I don't care who you are, but if you make your living on film sets, you've been responsible for blowing a take at one time or another. Maybe you talked on the walkie-talkie during a scene. Maybe you sneezed while they were rolling. People trip over stuff. People laugh out loud when they just can't help it. You forget to silence your cell phone and it rings during a take. I was on one show where the Director of Photography got his son hired in the camera department. His son was absolutely and utterly dilligent about his job which was making sure that exposed magazines of film were promptly taken to the camera truck to be canned and that fresh mags of unexposed film were always within easy reach on the set. He was so dilligent that he often forgot why the film should be on set...that we were shooting a movie. This tunnel vision caused him to drive his golf cart through the background of our shots on a fairly regular basis. (He has since gone on to a successful career as an Assistant Cameraman.)
Once, I walked into the front door of a house only to discover the camera three feet away from me and rolling...for the shot of the actor walking in the front door. Ooops. Yeah, we all fuck up from time to time.
Anyway, audio from the set of Terminator Salvation has made it onto the intertoobs. It seems that the Director of Photography, Shane Hurlbut, got into Christian Bales' eyeline during a take. As best as I can tell, he didn't actually get into the shot, but he did commit the sin of walking where the actor could see him...and be distracted by him. He was doing what D.P.s do all the time; he was looking at the lighting to make sure everything was as perfect as he could get it. Christian didn't take this well.

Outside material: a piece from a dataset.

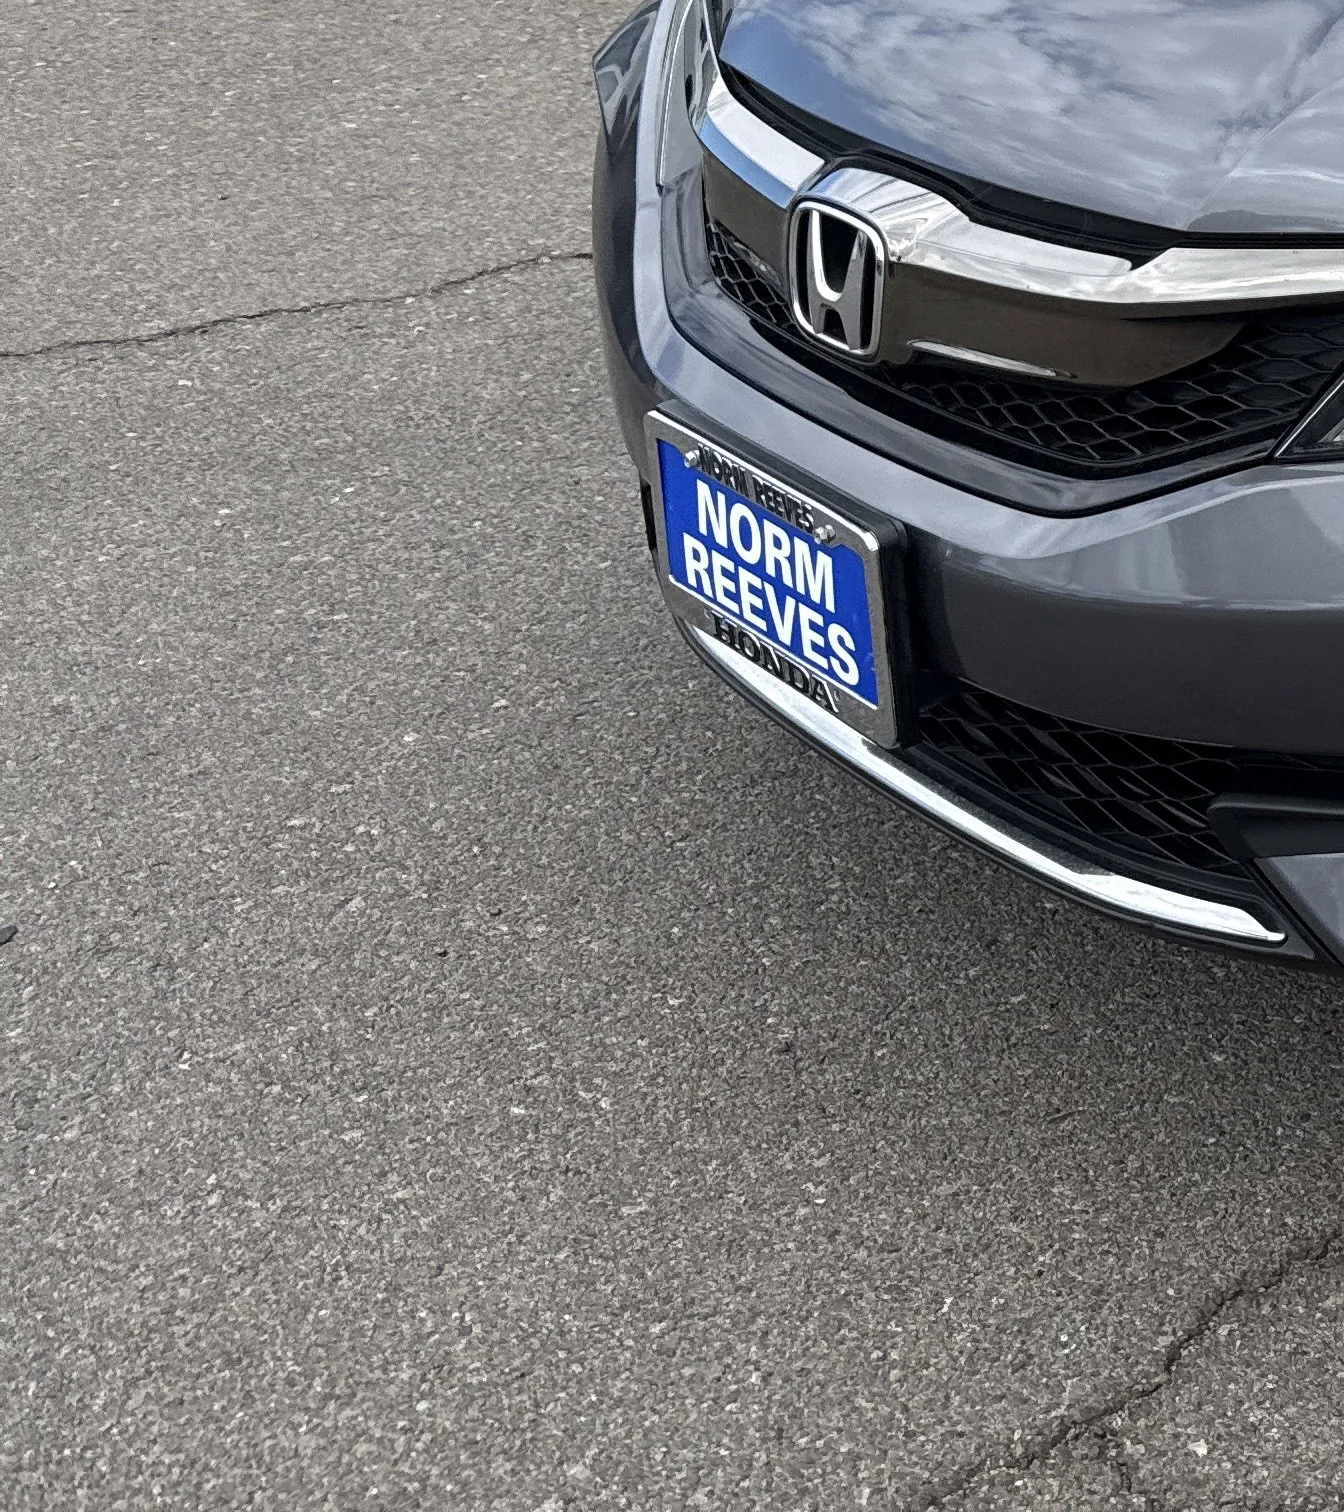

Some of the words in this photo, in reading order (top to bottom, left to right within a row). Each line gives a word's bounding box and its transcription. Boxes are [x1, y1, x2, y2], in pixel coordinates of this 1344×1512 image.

I have to admit, I've never been in a position where I had to perform and concern myself with distractions in my eyeline. Most actors seem able to pay no attention to what's going on around them. On the other side of the spectrum I've worked with some actors who practically wanted a curtain between themselves and everyone behind the camera. Everyone is different. And I've heard my share of tirades. The ringing cell phone usually rates the most entertaining and sustained rants.
On the other hand, since the most common reason for a blown take is the actors' own fault, (blown lines, missed cues, wrong movements, the list is endless), they usually refrain from going absolutely nuclear, postal, batshit crazy.
Mr. Bales, seemingly, has no such restraints. Here. Give a listen. (Note: You need to play this at full volume because all of the audio comes from Christian's mic...if you want to hear other peoples' responses, turn it up. On the other hand, if you're at work or surrounded by children, or in any other crowded place, you might want to use headphones or wait until you get home. Fucking Christian can fucking curse with the fucking best of them. Fuckin-A-Right.)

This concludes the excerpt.